▸ Your goal: No pictures belong in the answer. Repeat all the entries exactly.

Saved entries
-*-

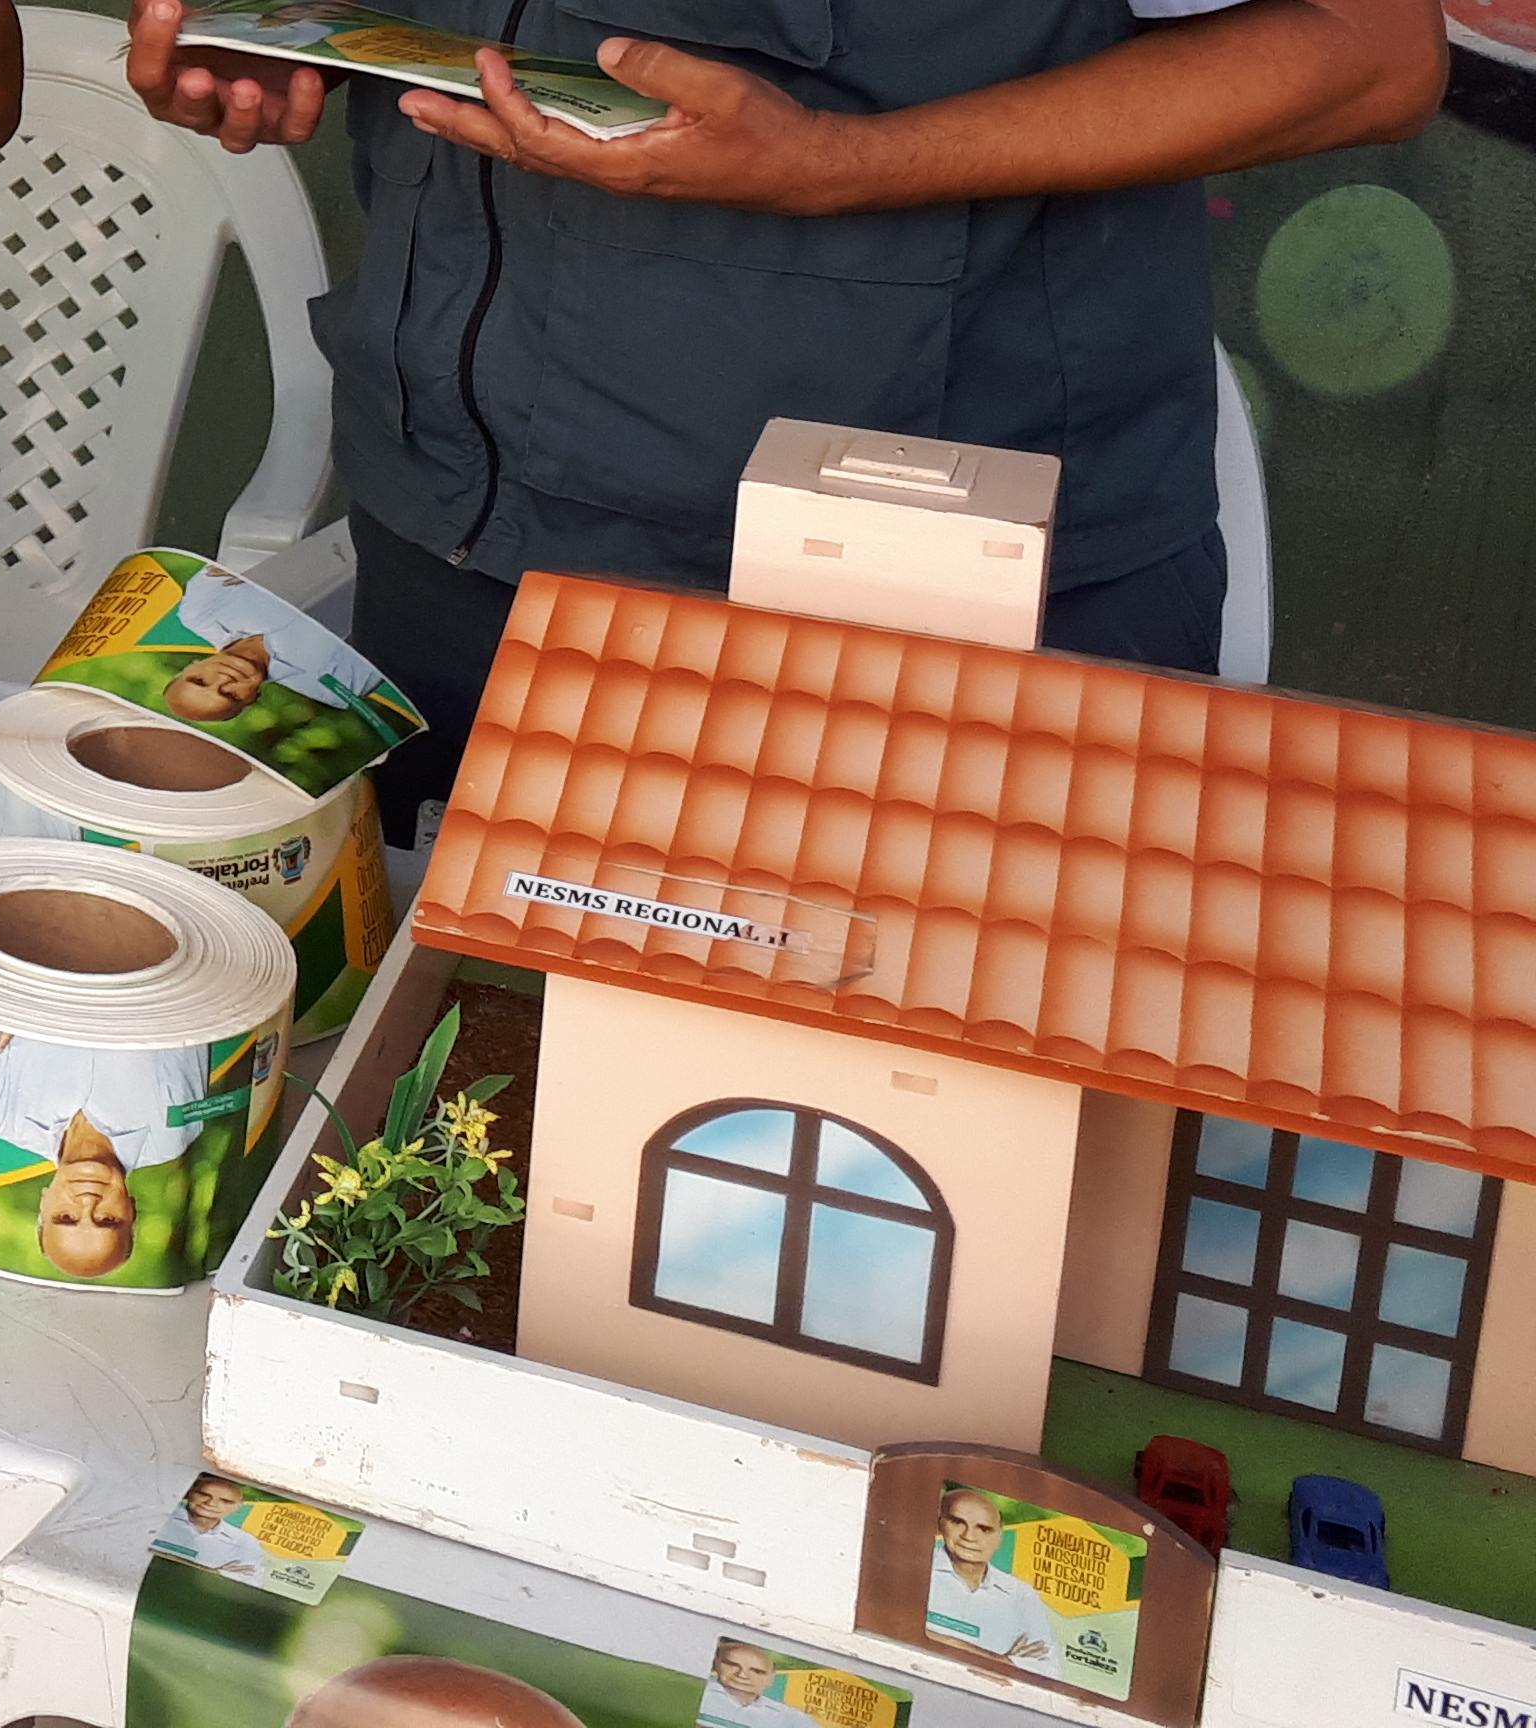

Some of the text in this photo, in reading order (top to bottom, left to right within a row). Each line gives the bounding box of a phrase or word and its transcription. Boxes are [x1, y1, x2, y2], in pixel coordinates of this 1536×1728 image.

[512, 877, 760, 942] NESMS REGIONAL
[1032, 1541, 1107, 1576] O MOSQUITO
[1032, 1557, 1052, 1575] UM
[1032, 1573, 1051, 1596] DE
[1403, 1680, 1536, 1728] NESM

-*-

▸ Your solution:
Some of the text in this photo, in reading order (top to bottom, left to right within a row). Each line gives the bounding box of a phrase or word and its transcription. Boxes are [x1, y1, x2, y2], in pixel coordinates of this 1536×1728 image.

[512, 877, 760, 942] NESMS REGIONAL
[1032, 1541, 1107, 1576] O MOSQUITO
[1032, 1557, 1052, 1575] UM
[1032, 1573, 1051, 1596] DE
[1403, 1680, 1536, 1728] NESM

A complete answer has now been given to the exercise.